While icing is dangerous whenever it occurs, most icing-related accidents seem to fall into two categories:
Airplanes crashing on takeoff due to snow, ice, frost, etc., accumulating on the wings prior to takeoff as a result of no/inadequate/inadequately-recent anti-icing; in these accidents, the main factors are the loss of lift (causing the aircraft to take much longer and require much higher speeds to take off successfully, or even to be completely unable to lift off, period, or to climb out of ground effect after lifting off), the altered lift distribution (which, in most airliners, generally takes the form of a forward shift in the center of lift – as most transport aircraft other than the very smallest and slowest have rearward-swept wings, and the wingtips tent to freeze before the wing roots – resulting in a strong pitch-up tendency during rotation, or even in the aircraft spontaneously rotating early all on its own, and making it very easy to rotate the aircraft too far, all of which increase both drag and the risk of accidentally stalling the aircraft), and the decreased stall angle (which greatly increases the risk of a stall, especially when combined with the aforementioned pitch-up tendency, and especially especially because most stall warning systems sense only the aircraft’s attack angle, rather than directly detecting the airflow separation associated with an impending or actual stall, and are calibrated for ice-free conditions, meaning that, in icing conditions, the aircraft can stall at an attack angle well below that at which the stickshaker activates and the man in the box yells “STALL” at you).

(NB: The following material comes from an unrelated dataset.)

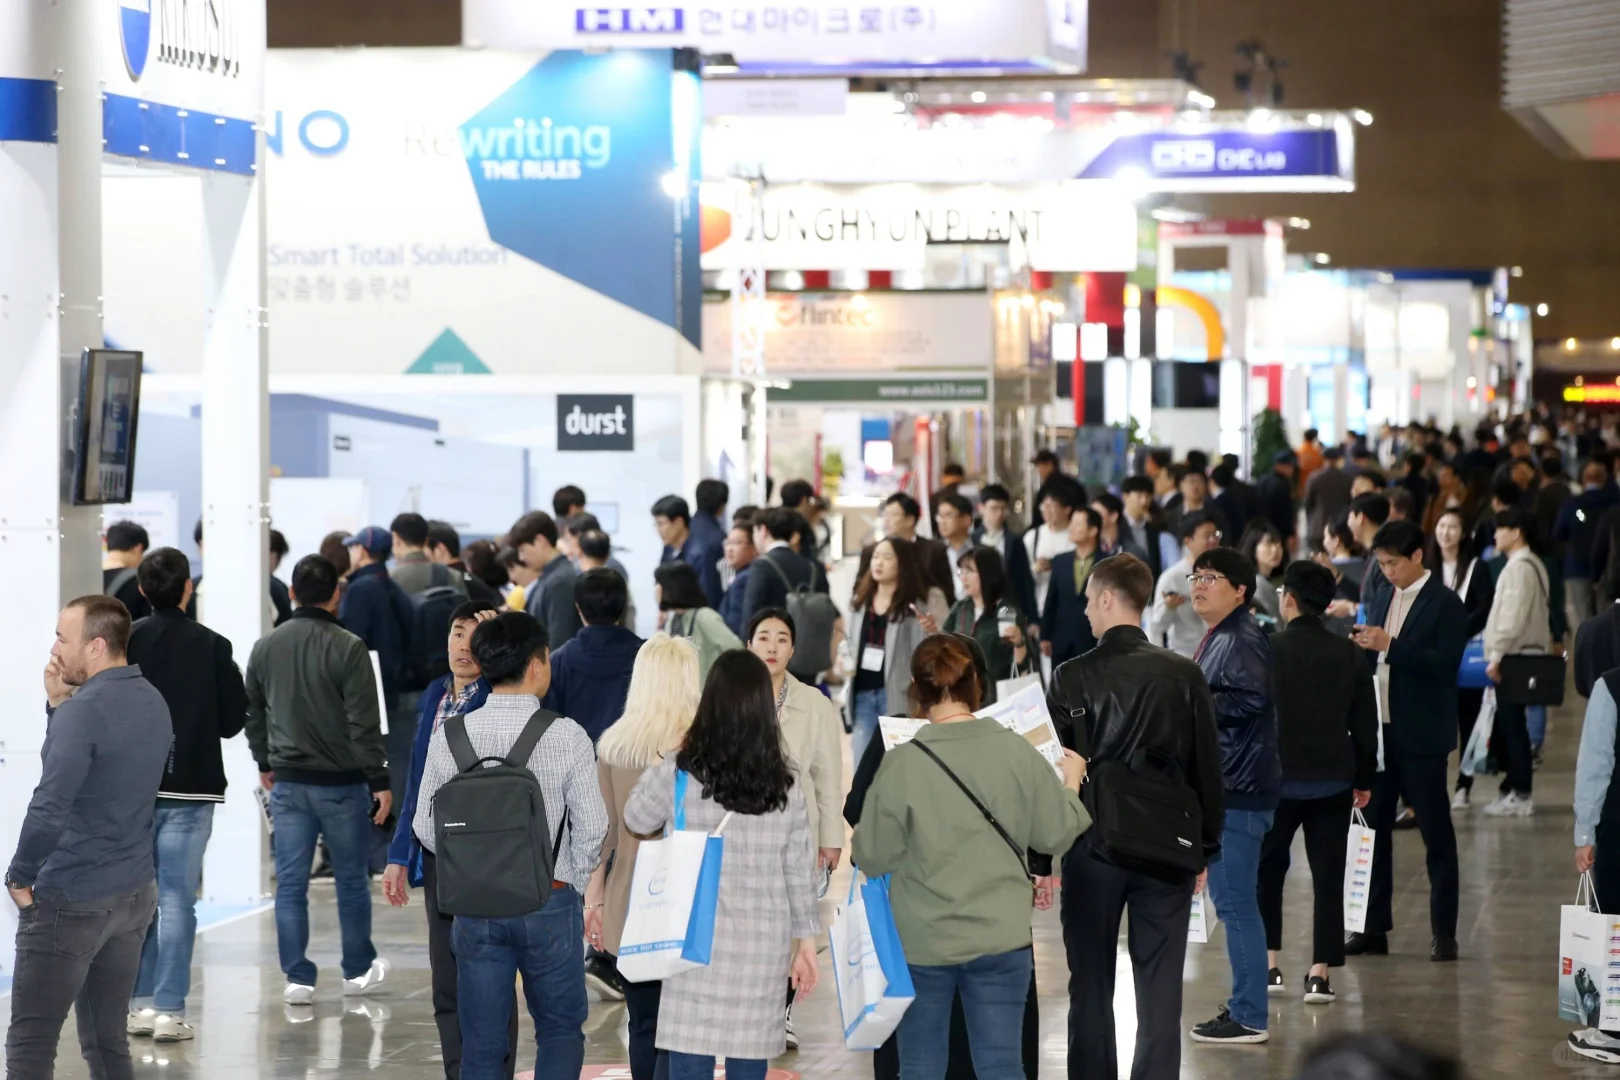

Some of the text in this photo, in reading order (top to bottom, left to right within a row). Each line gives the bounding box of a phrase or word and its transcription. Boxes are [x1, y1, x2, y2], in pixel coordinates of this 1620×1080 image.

Examples include Ozark 982, Continental 1713, Air Ontario 1363, USAir 405, and Air Florida 90 (the last of these was additionally affected by blocked engine sensors, which tricked the crew into choosing a power setting that would have been dangerously low even without airframe icing).
Airplanes falling out of the sky due to ice accumulating on their wings during flight as a result of encountering freezing rain or drizzle combined with non-use/inadequate use/inadequacy of the aircraft’s onboard deicing systems; in these accidents, the main factors are the changes in the aerodynamic forces imposed on the aircraft’s control surfaces (causing – as ice accumulation is frequently asymmetrical, and, even if, by some miracle, the aircraft does accumulate ice symmetrically, this symmetry is soon lost when ice starts to shed from the wings, as this process is random and essentially never symmetrical – a steadily-increasing force asymmetry on the aircraft’s ailerons; if the crew are flying the aircraft manually, they need to apply more and more force to their yokes just to keep the aircraft level, while, if the autopilot is flying the plane, the forces imposed on the aircraft will eventually exceed its control authority, causing its disengagement and an immediate violent roll, likely resulting in at least a temporary loss of control), the altered lift distribution, and the decreased total lift and stall angle (all of which make it more difficult to recover from the steep dives that generally follow a loss of control, and increase the likelihood that something will have some limit or another exceeded in the process). Examples include American Eagle 4184 and Comair 3272.
Given the dangers posed by icing, are there any airplane designs that are relatively unaffected by snow/ice/frost/miscellaneous solid water accumulation?
I can think of a few possibilities:
Airplanes with very low wing loadings (i.e., very large wings for an aircraft of their weight) could be more likely to have sufficient excess lift to overcome the decrease in lift resulting from ice accumulation.
Delta-winged airplanes in subsonic flight do not rely on attached airflow to generate lift, but, rather, exploit flow separation and the resulting vorticies to generate a low-pressure area above the wing and produce lift; thus, they could reasonably be expected to be resistant or immune to the decrease in lift, altered lift distribution, altered flight-control forces, and increased stallability caused by flow separation consequent to icing, or even possibly see an increase in lift thanks to icing-enhanced flow separation.